Eritrea im Fokus

Die Debatte um Einwanderung und Integration wird insbesondere mit Blick auf Flüchtlinge aus Nahost und Afghanistan geführt. Oft übersehen wird dabei ein Land, aus dem sich bereits seit den späten 1990er und frühen 2000er Jahren eine Einwanderung nach Deutschland vollzieht: Eritrea.

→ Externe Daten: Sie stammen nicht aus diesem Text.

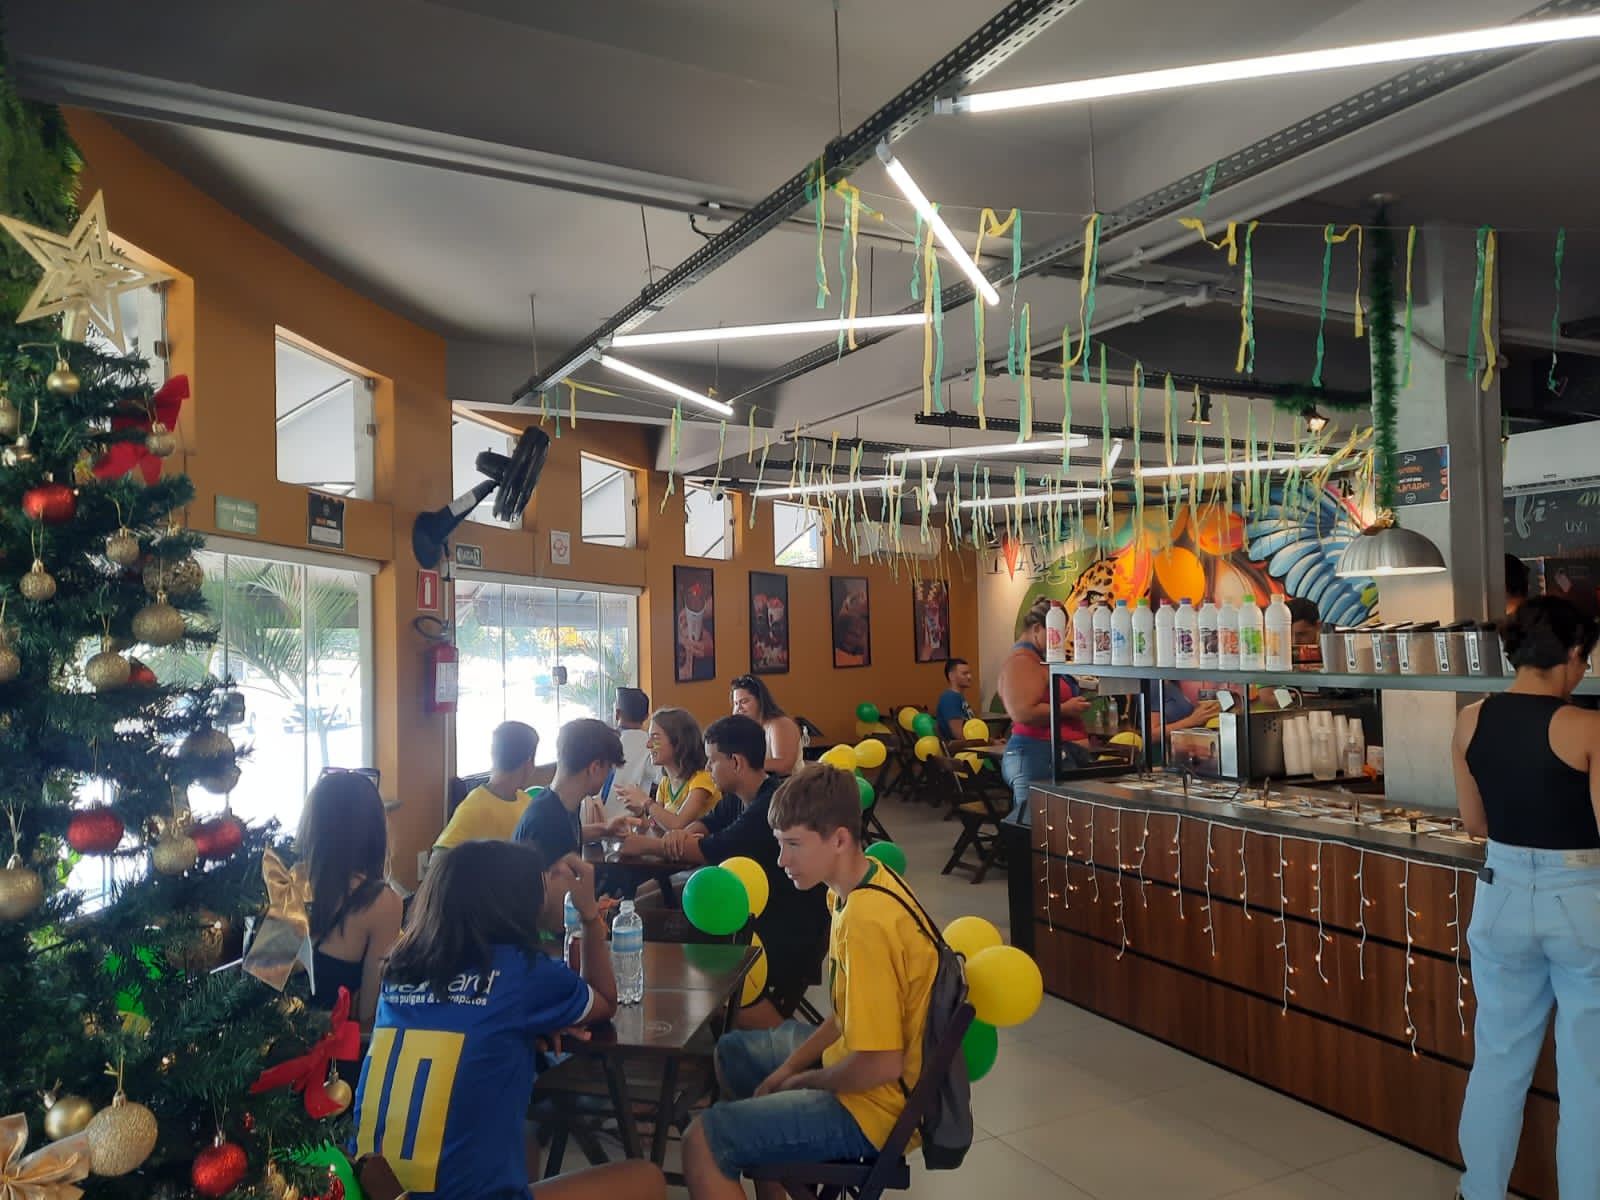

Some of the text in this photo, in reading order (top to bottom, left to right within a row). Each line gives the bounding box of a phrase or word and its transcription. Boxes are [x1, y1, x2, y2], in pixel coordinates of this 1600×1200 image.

Im Rahmen der Bürgergespräche „Meine neue Heimat – Deine neue Heimat“, die das Bildungswerk NRW in den städtischen Begegnungsstätten in Ratingen durchführt, trafen in Ratingen-Tiefenbroich ältere Menschen, die zum Teil selbst aus den ehemaligen deutschen Ostgebieten geflohen sind, dieses Mal auf Neu-Rheinländer aus Eritrea –  ein Geschwisterpaar, die auf unterschiedliche Erfahrungen zurückblicken. Denn: Eine Schwester ist noch geflohen, die Jüngere bereits in Deutschland geboren. Entsprechend differenziert war ihr Blick auf die Heimatfindung. Dank einer aktiven eritreischen Gemeinde im Düsseldorfer Raum und auch durch eine schnelle Integration an Schule und Arbeitsplatz sind beide Schwestern heute aber beide voll integriert. Vor allem die Jüngere sieht sich in erster Linie als Deutsche – natürlich mit afrikanischen Wurzeln, was es ihr in Zeiten der Flüchtlingsdebatte  in der Öffentlichkeit aktuell nicht immer einfach macht.

Das Bildungswerk der Deutschen Gesellschaft NRW bedankt sich bei allen engagierten Teilnehmern und Teilnehmerinnenn, vor allem auch dem Team um Frau Martina Schröder von der Begegnungsstätte Tiefenbroich und der Dortmunder Journalistin Ina Daniel für ihre einfühlsame Moderation. Das gemeinsame Erleben einer eritreischen Kaffee-Zeremonie als Nachfolgeveranstaltung in der Begegnungsstätte Ratingen-Tiefenbroich nehmen wir gerne auf die Agenda!

Hinweis: Aufgrund der politischen Situation in Eritrea wurde bei dieser Veranstaltung von Fotos abgesehen.